The delivery company has leaked information about deliveries and the home addresses of millions of its customers.
On January 15th, the Cybernews research team discovered a publicly accessible Google Cloud Storage Bucket belonging to Paxel, an Indonesian shipping company. Paxel provides local and intercity delivery services, smart lockers, bulk delivery, snack stores, and waste treatment services.
The open bucket contained multiple MySQL and MongoDB database backups from 2023. The databases contained a tremendous amount of personal data related to the deliveries of 2 million people, including highly sensitive information such as home addresses and signatures.

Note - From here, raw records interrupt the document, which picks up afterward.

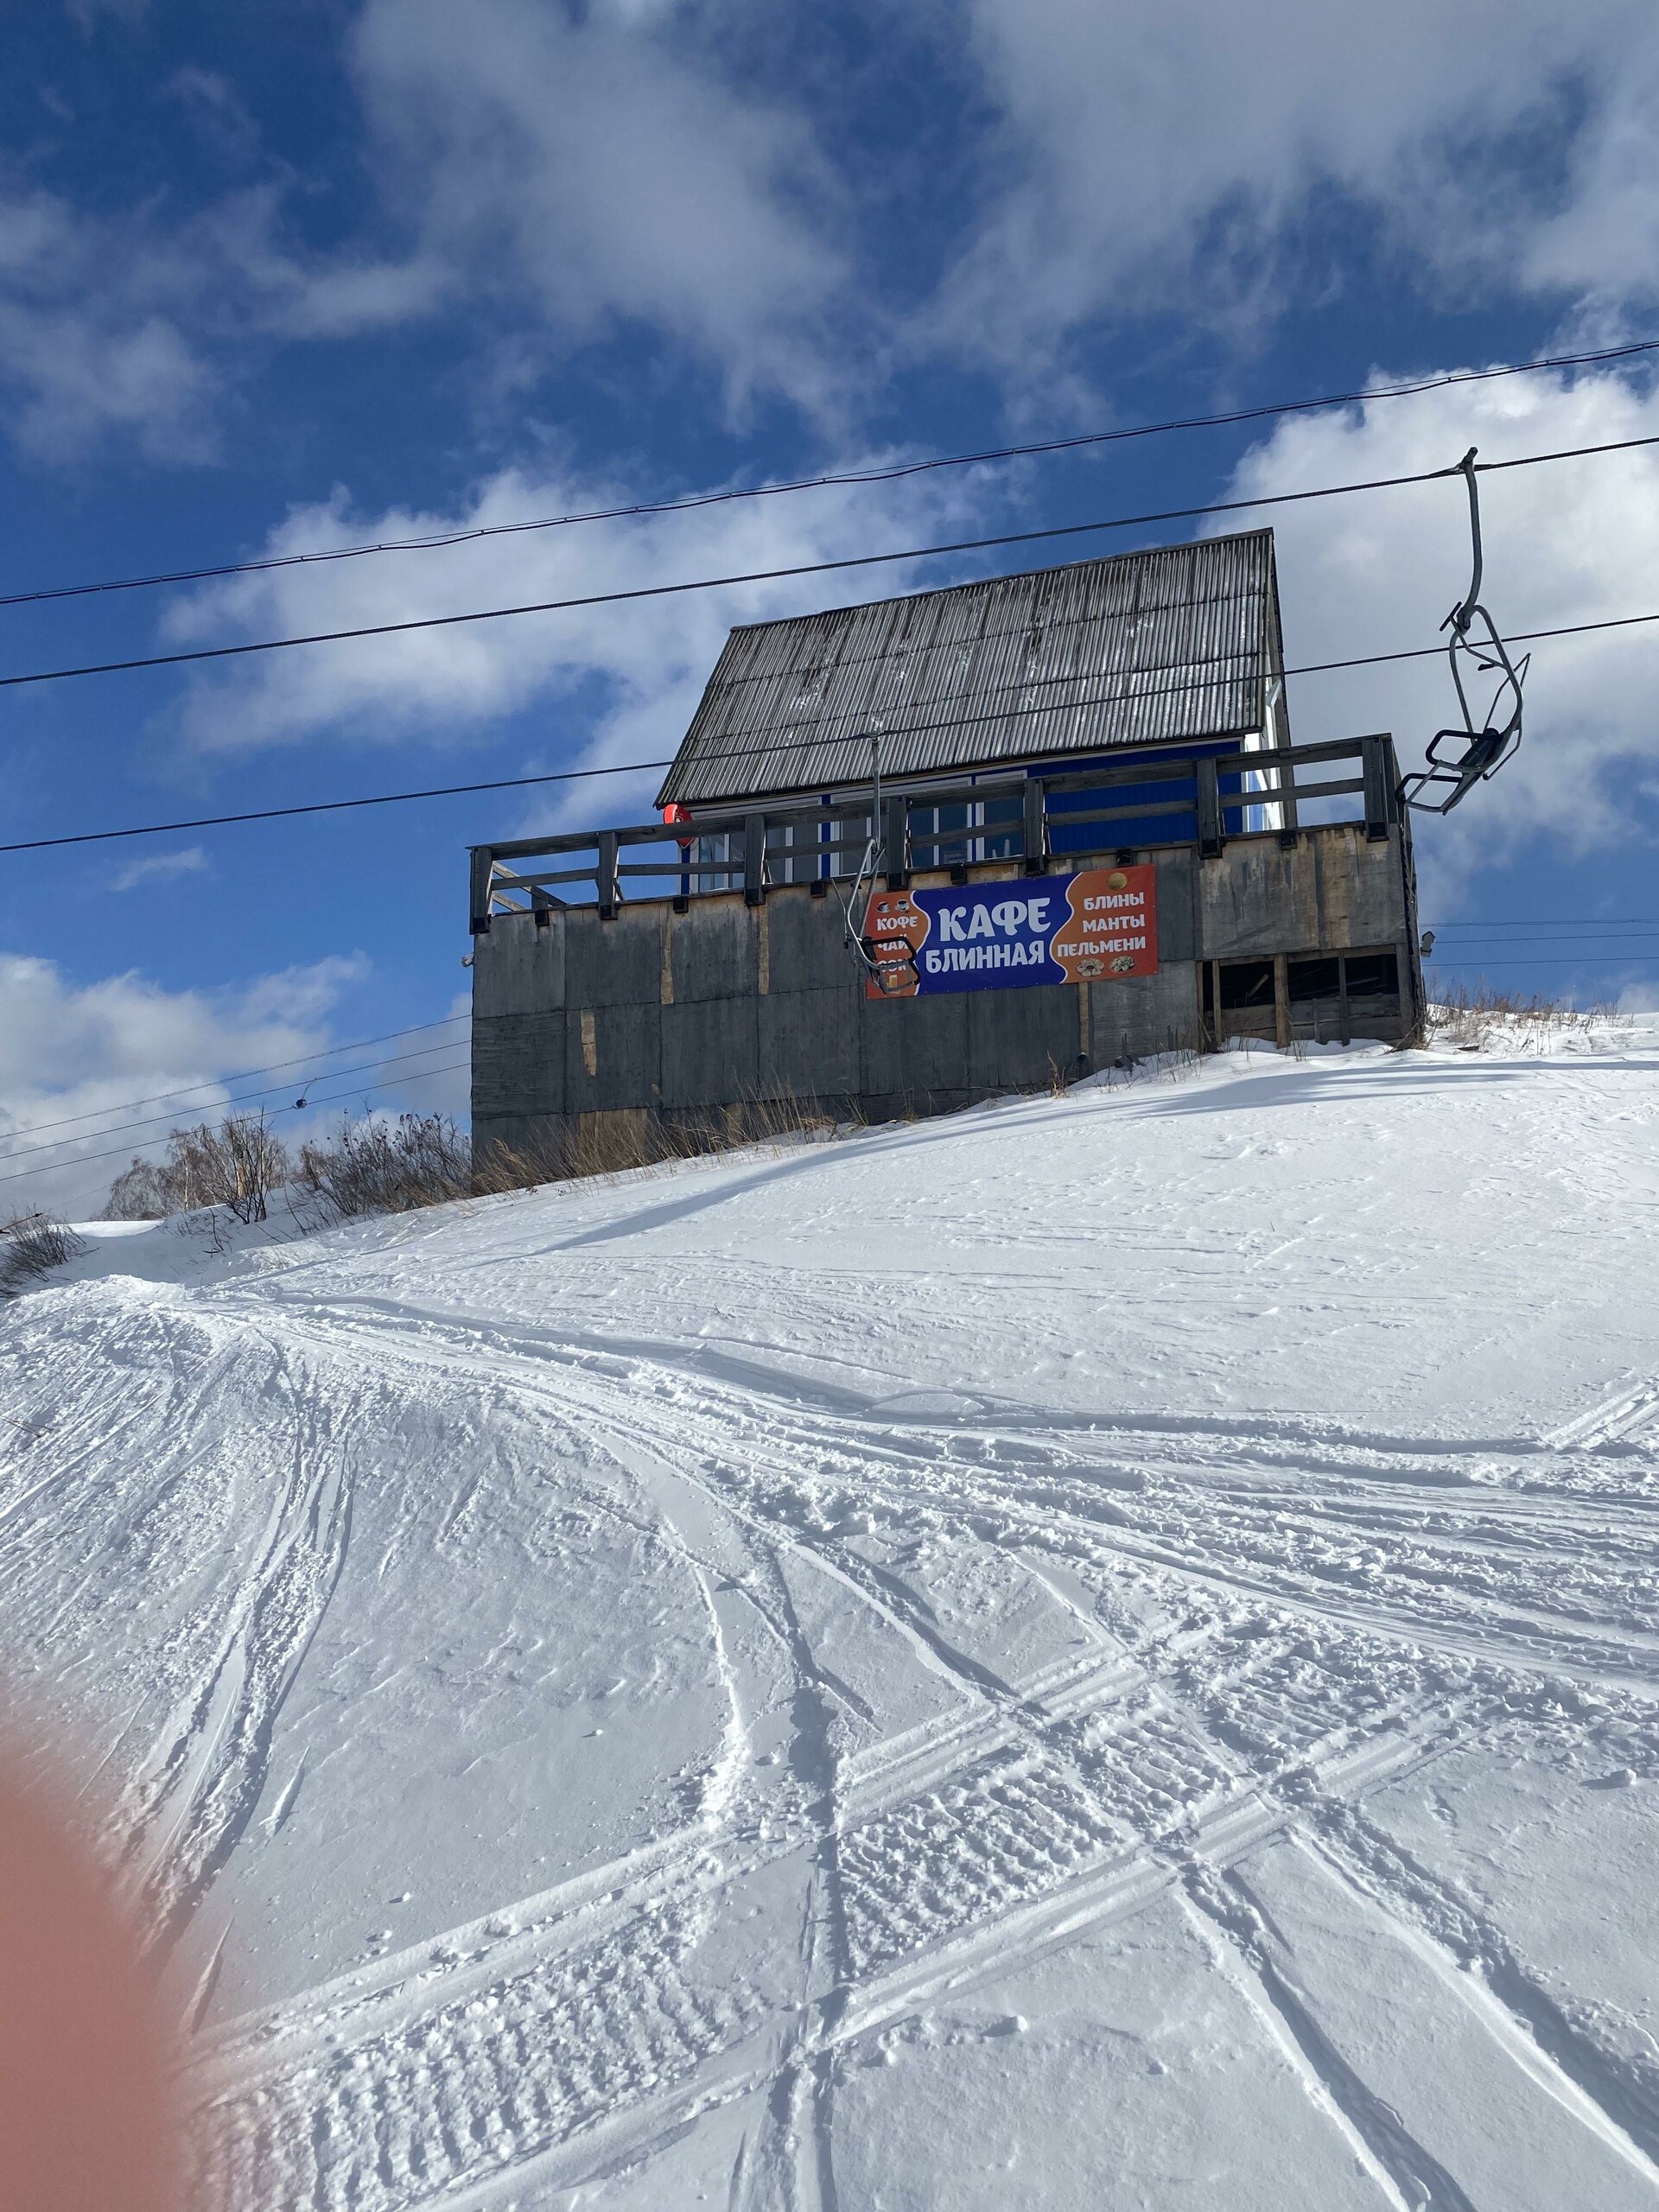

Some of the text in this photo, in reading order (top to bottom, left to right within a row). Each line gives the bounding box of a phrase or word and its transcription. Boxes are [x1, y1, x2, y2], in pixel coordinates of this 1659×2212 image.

[1084, 892, 1145, 911] БЛИНЫ
[876, 915, 918, 931] КОФЕ
[938, 898, 1051, 942] КАФЕ
[1083, 913, 1146, 933] МАНТЫ
[1057, 936, 1147, 957] ПЕЛЬМЕНИ
[925, 940, 1045, 974] БЛИННАЯ
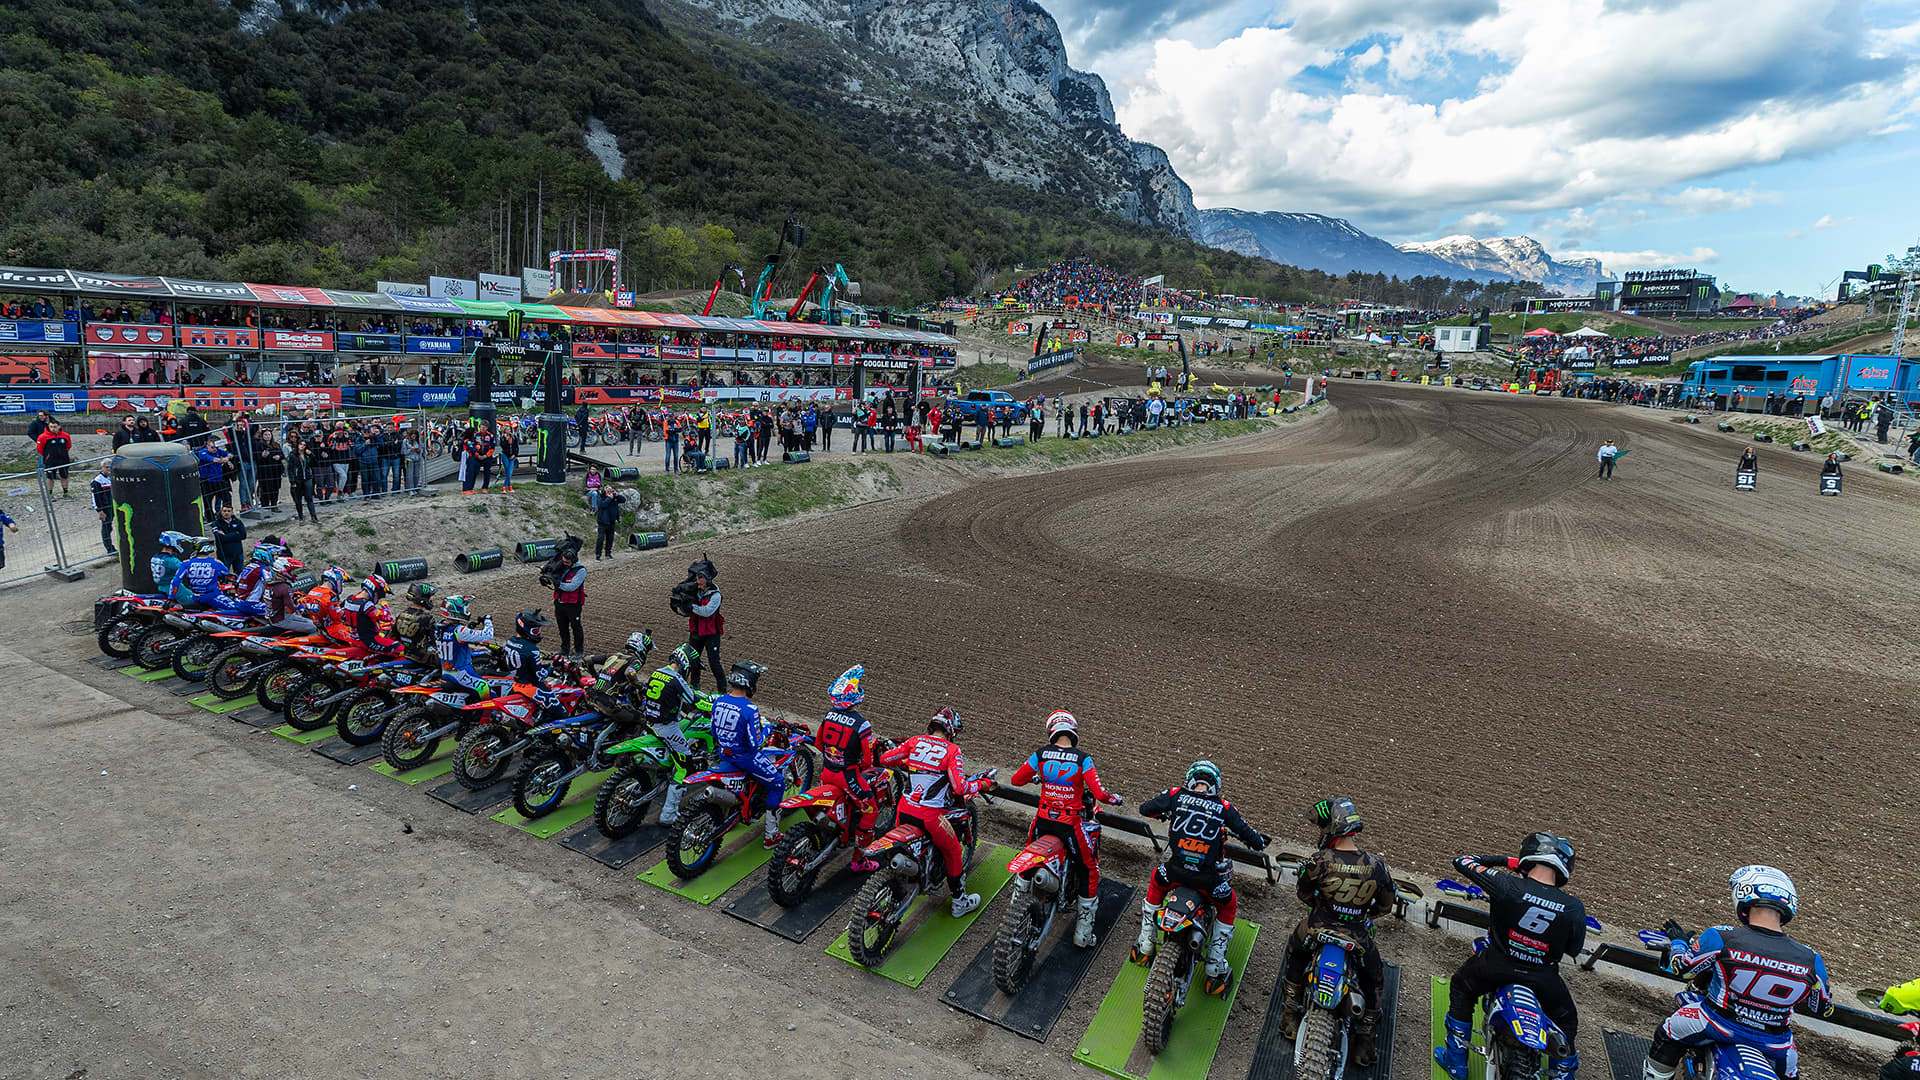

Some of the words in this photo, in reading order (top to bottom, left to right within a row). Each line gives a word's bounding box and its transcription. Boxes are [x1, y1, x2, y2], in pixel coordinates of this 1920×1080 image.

[276, 333, 323, 342] Beta
[497, 345, 526, 355] MONSTER
[890, 361, 908, 369] LANE
[280, 391, 330, 399] Beta
[188, 567, 212, 578] 303
[396, 673, 412, 684] 959
[461, 674, 486, 690] FXR
[442, 692, 458, 704] 811
[646, 679, 666, 700] 3
[713, 706, 740, 731] 919
[822, 721, 854, 749] 61
[655, 748, 666, 760] 3
[909, 741, 948, 767] 32
[1042, 750, 1079, 762] GUILLOD
[753, 752, 778, 775] UFO
[1042, 760, 1079, 786] 92
[1045, 783, 1075, 792] HONDA
[1177, 837, 1210, 854] KTM
[1324, 877, 1378, 906] 259
[1332, 904, 1362, 915] YAMAHA
[1522, 892, 1566, 912] PATUREL
[1518, 906, 1557, 934] 6
[1509, 948, 1544, 965] YAMAHA
[1729, 950, 1810, 976] VLAANDEREN
[1728, 968, 1808, 1006] 10

The databases also contained Paxel account balances, pictures of delivered parcels, and private messages between the company’s staff and the parcels’ receivers.
Full list of leaked data:
- Customers’ names
- Phone numbers
- Email addresses
- Home addresses
- Dates of birth
- Signatures
- Usernames
- Passwords hashed with bcrypt hashing algorithm
- Customers’ phone models
- MAC address information
- Amount of on-platform credit
- List of orders
- Names of ordered products
- Amounts spent on orders
- Chat messages between Paxel’s staff and the customers
- Pictures of delivered packages
- Codes used for retrieving orders in pick-up point lockers
The leaked data has already been exploited by threat actors, with researchers finding that backups were shared on a hacker forum in July 2023. It shows that the company failed to identify the leak for more than six months after malicious actors got hold of the data.
Malicious actors could use the immense amount of leaked data for spam, phishing attacks, doxxing, fraud, or identity theft, especially as customer signatures were leaked.
It’s not the first time that the Jakarta-based company has leaked customers’ data. In 2020, over 800,000 of Paxel’s users were affected by a data leak. The company has not publicly disclosed the data leak.
Cybernews has contacted the company, and access to the bucket was closed. An official comment on the matter is yet to be received.
Gateway to internal systems
The leak has not put customer deliveries at threat, as the leaked data was from 2023 and not in real-time. Nonetheless, the databases did include accounts of Paxel’s administrators and employees, which could potentially empower attackers to target the company’s internal systems.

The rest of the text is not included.